Manhattan, the biggie.
In the largest office market in the United States, uptime soared to 17.2%, “the highest level in at least three decades,” according to Savills, “With direct spaces and sublets continuing to flood the market.” The availability of sublets jumped from 3.4 msf in the first quarter to 22 msf. And an additional 7.9m² of direct space was brought to market, including “notable additions from a few closed coworking locations”. (Graphic via Savills).
Q1 rental activity fell 48% year-on-year and 13.7% from Q4, to 4.0 mcf.
The average asking rent fell 9.1% year over year to $ 76.27 lb / ft2 per year. Concessions which, for new long-term category A leases, “have increased considerably” are not included in the rents charged; In addition, the average tenant improvement allowance increased 15.5% to $ 124.85 sq. Ft., And the average free rent increased 17.4% to 13.5 months, according to Savills.
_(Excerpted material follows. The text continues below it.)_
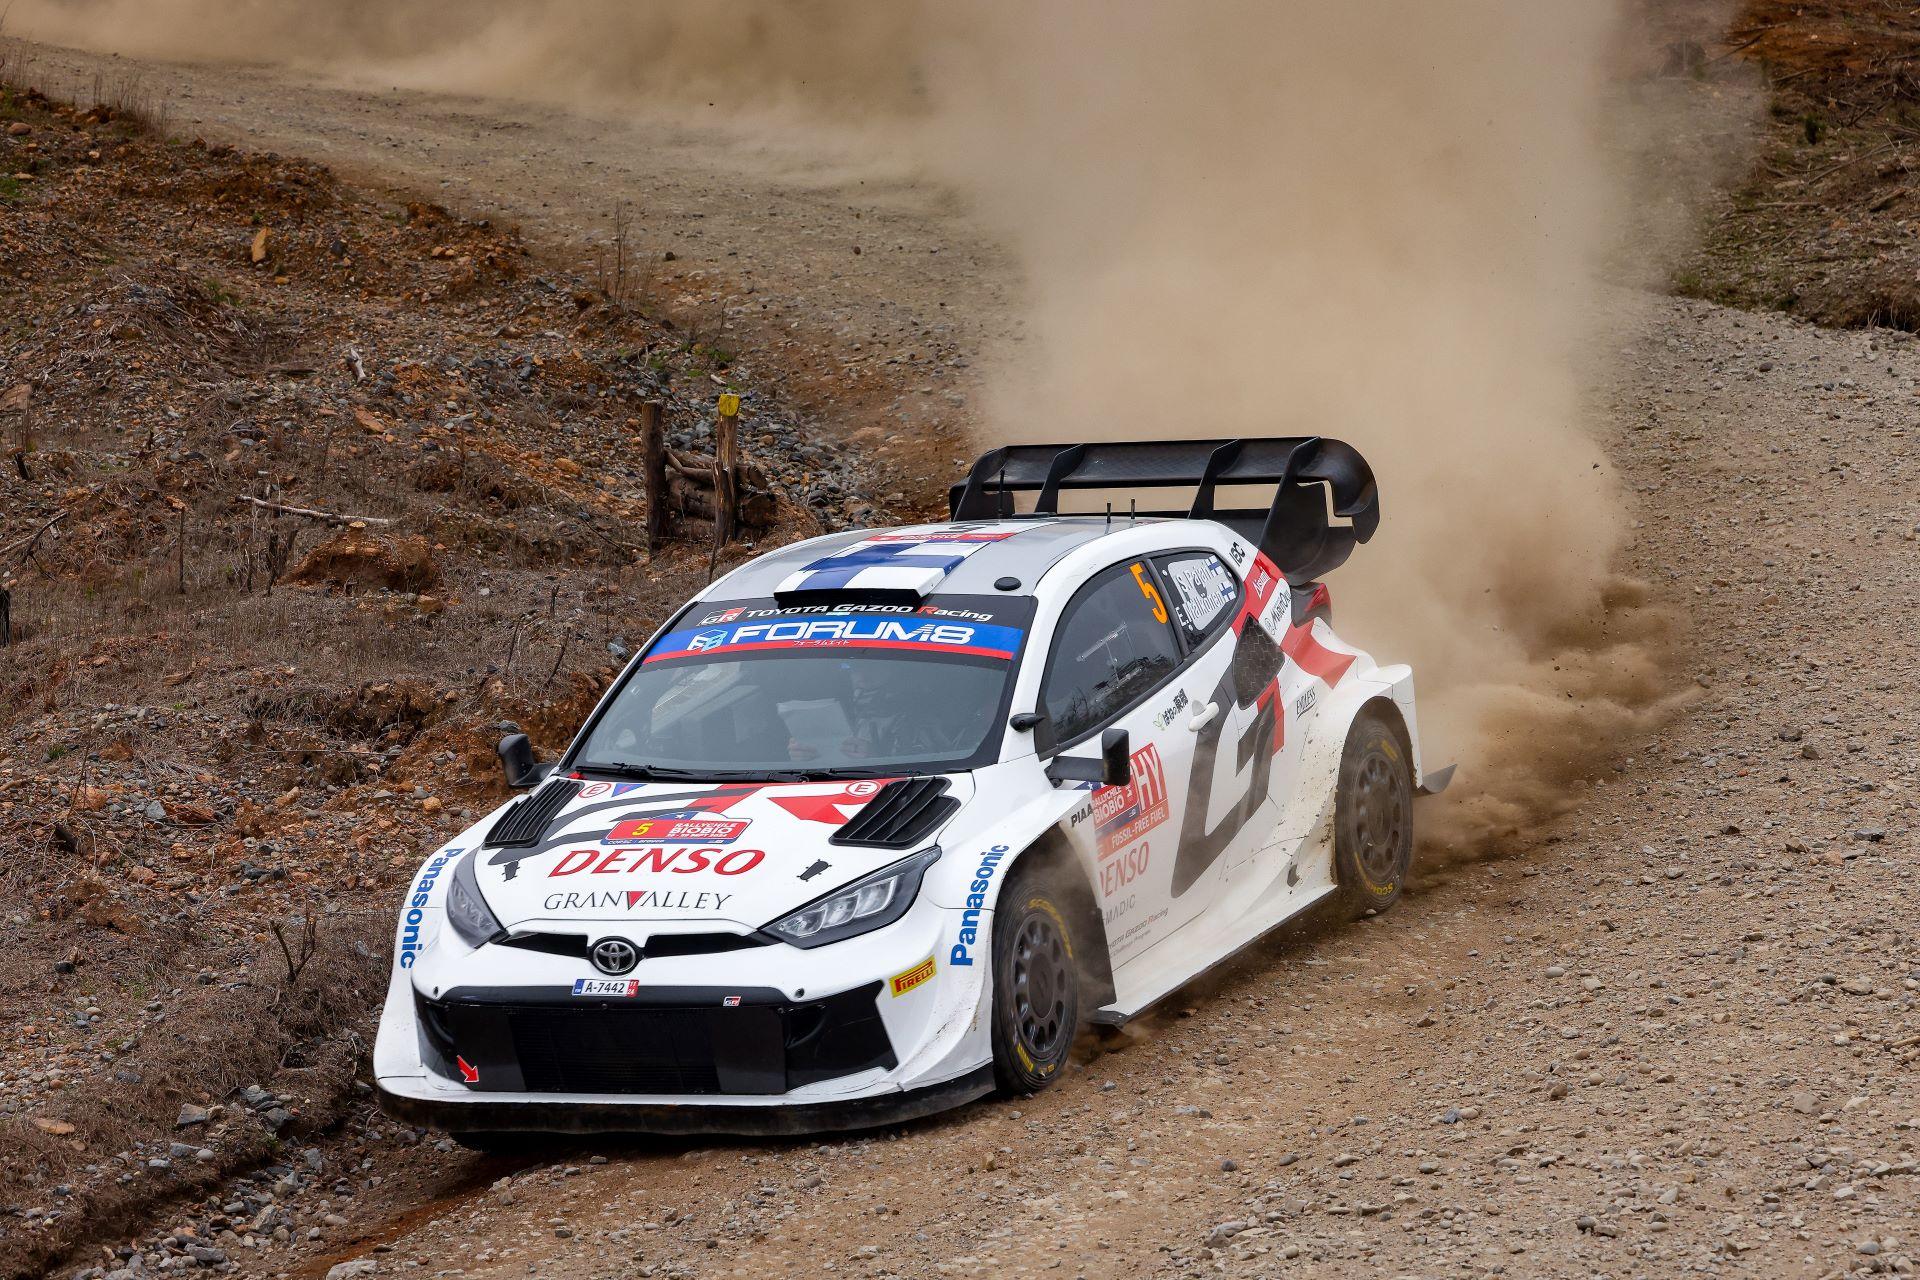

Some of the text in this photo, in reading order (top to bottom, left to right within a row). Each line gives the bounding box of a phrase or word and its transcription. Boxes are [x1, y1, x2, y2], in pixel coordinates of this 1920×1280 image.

Total availability climbed to 21.6%, showing ‘no signs of slowing down’, according to Savills’ Chicago Report. In the central loop, availability jumped to 24.3% (graph via Savills):
Despite rental activity in the first quarter firmly blocked in collapse mode, down 73.5% year on year, lessors have not moved much on rental requests. But “many landlords have shown an inclination for sharply discounted rents, increased concessions and significant flexibility for occupants who are active and ready to make rental decisions,” the report says (chart via Savills).
Washington DC, the government is still praising.
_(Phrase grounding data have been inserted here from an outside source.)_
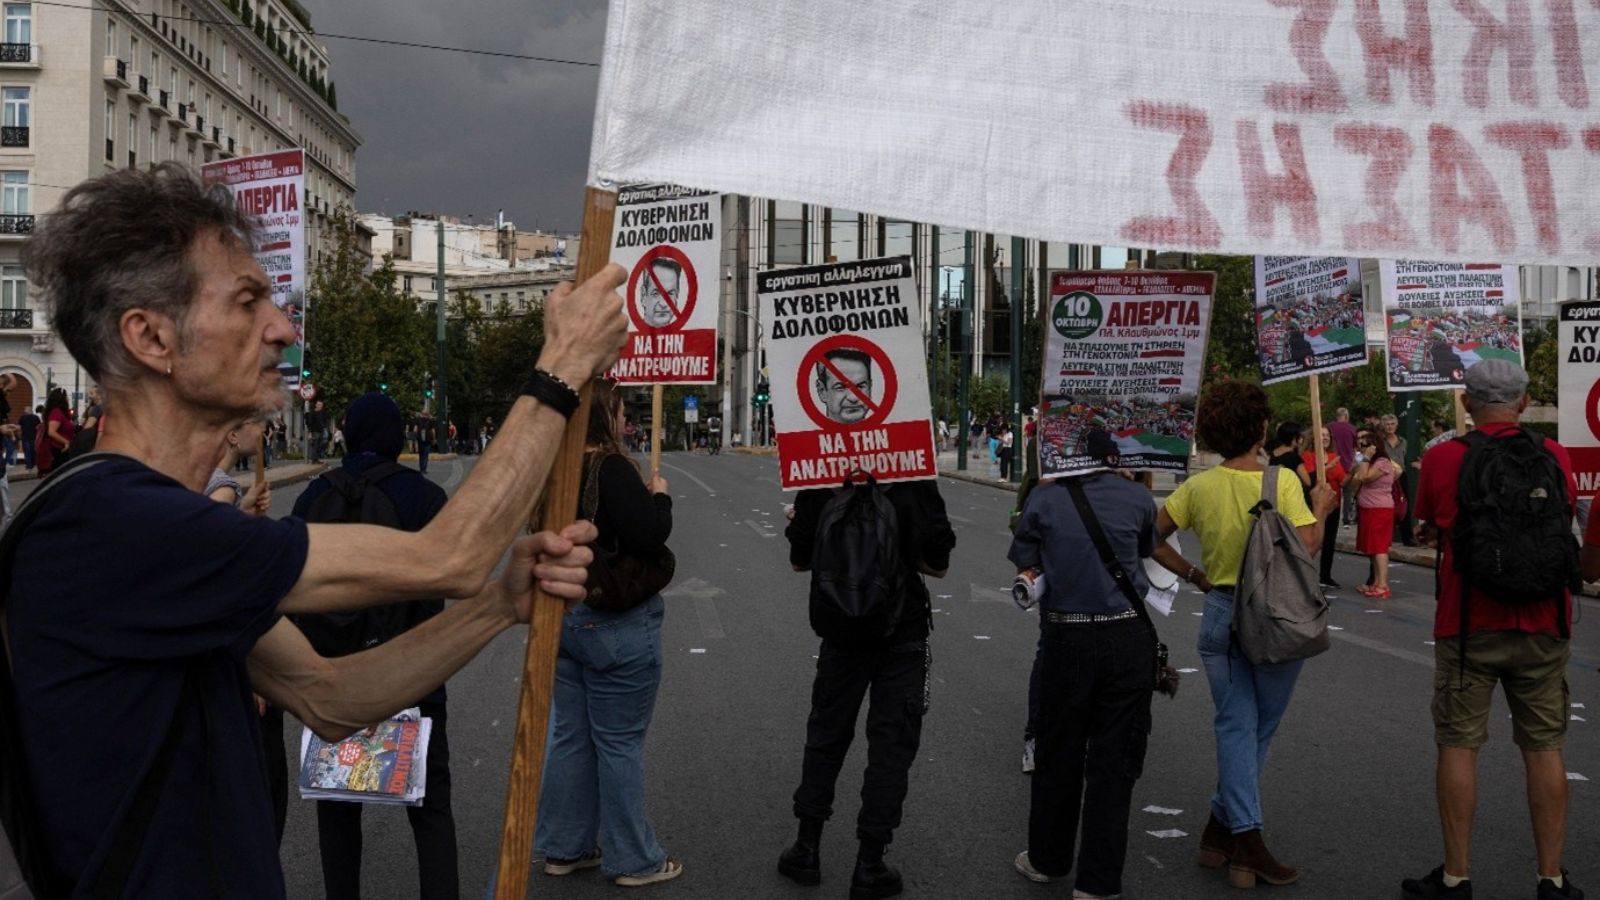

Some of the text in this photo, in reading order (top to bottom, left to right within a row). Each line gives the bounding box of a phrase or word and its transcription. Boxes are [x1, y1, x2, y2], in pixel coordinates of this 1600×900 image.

[621, 202, 709, 227] ΚΥΒΕΡΝΗΣΗ
[616, 223, 713, 248] ΔΟΛΟΦΟΝΩΝ
[1396, 265, 1411, 274] ΣΤΗ
[1413, 263, 1463, 273] ΓΕΝΟΚΤΟΝΙΑ
[1397, 273, 1502, 285] ΛΕΥΤΕΡΙΑ ΣΤΗΝ ΠΑΛΑΙΣΤΙΝΗ
[774, 285, 900, 317] ΚΥΒΕΡΝΗΣΗ
[1398, 290, 1484, 301] ΔΟΥΛΕΙΕΣ ΑΥΞΗΣΕΙΣ
[1064, 296, 1091, 317] 10
[1411, 301, 1440, 309] ΒΟΜΒΕΣ
[1443, 300, 1455, 308] ΚΑΙ
[1106, 301, 1200, 327] ΑΠΕΡΓΙΑ
[772, 307, 909, 340] ΔΟΛΟΦΟΝΩΝ
[1056, 318, 1098, 328] ΟΚΤΩΒΡΗ
[1117, 326, 1179, 339] Κλαυθμώνος
[1181, 327, 1200, 340] 1μμ
[634, 334, 684, 355] ΝΑ ΤΗΝ
[1063, 341, 1185, 352] ΝΑ ΣΠΑΣΟΥΜΕ ΤΗ ΣΤΗΡΙΞΗ
[1063, 350, 1138, 360] ΣΤΗ ΓΕΝΟΚΤΟΝΙΑ
[610, 356, 709, 377] ΑΝΑΤΡΕΨΟΥΜΕ
[1061, 361, 1184, 371] ΛΕΥΤΕΡΙΑ ΣΤΗΝ ΠΑΛΑΙΣΤΙΝΗ
[1060, 378, 1158, 388] ΔΟΥΛΕΙΕΣ ΑΥΞΗΣΕΙΣ
[818, 429, 889, 454] ΝΑ ΤΗΝ
[789, 450, 927, 482] ΑΝΑΤΡΕΨΟΥΜΕ
Amid the surge in sublet space, total availability soared to 20.4%, “the highest in at least three decades”, as “tenants wait to rent space, to rent less. space or put space back on the market, ”according to Savills. Washington DC Report.
Total leasing activity fell 33% year over year to 1.2 mcf. Of this activity, almost half came from federal and local government agencies.
The overall asking rent has been reduced to $ 55.53 lb / ft2 per year. But “landlords are aggressive in pricing, concessions and flexibility to attract and retain tenants,” the report says. “New long-term Category A leases receive an average of $ 148.00 sq. Ft. In tenant improvement allowances and 21 months of free rent, for a total value of $ 260.00 sq. by $ 50.00 sq. ft. since the start of the pandemic – significantly reducing the effective rent for tenants. “(Graphic via Savills).
As Houston has shown, office markets can be in crisis for years to come, as developers continue to build the newest, best performing office towers. In Houston, despite years of slump, there is still more than 3m2 of office space under construction, although that’s a 28% drop from the 10-year average, according to JLL.
And when this type of long crisis occurs, there is a flight to quality, with companies move to newer and larger towers at the end of their old lease and abandon old office buildings, whose owners could ultimately opt out of the mortgage and let lenders worry about the collateral.
The question is not what to do with the latest and greatest office towers, because they will always find tenants. The question is what to do with older office buildings whose tenants move out when the lease allows them, as part of the flight to quality. It is these old office towers – or rather their creditors – that are in trouble when the crisis continues.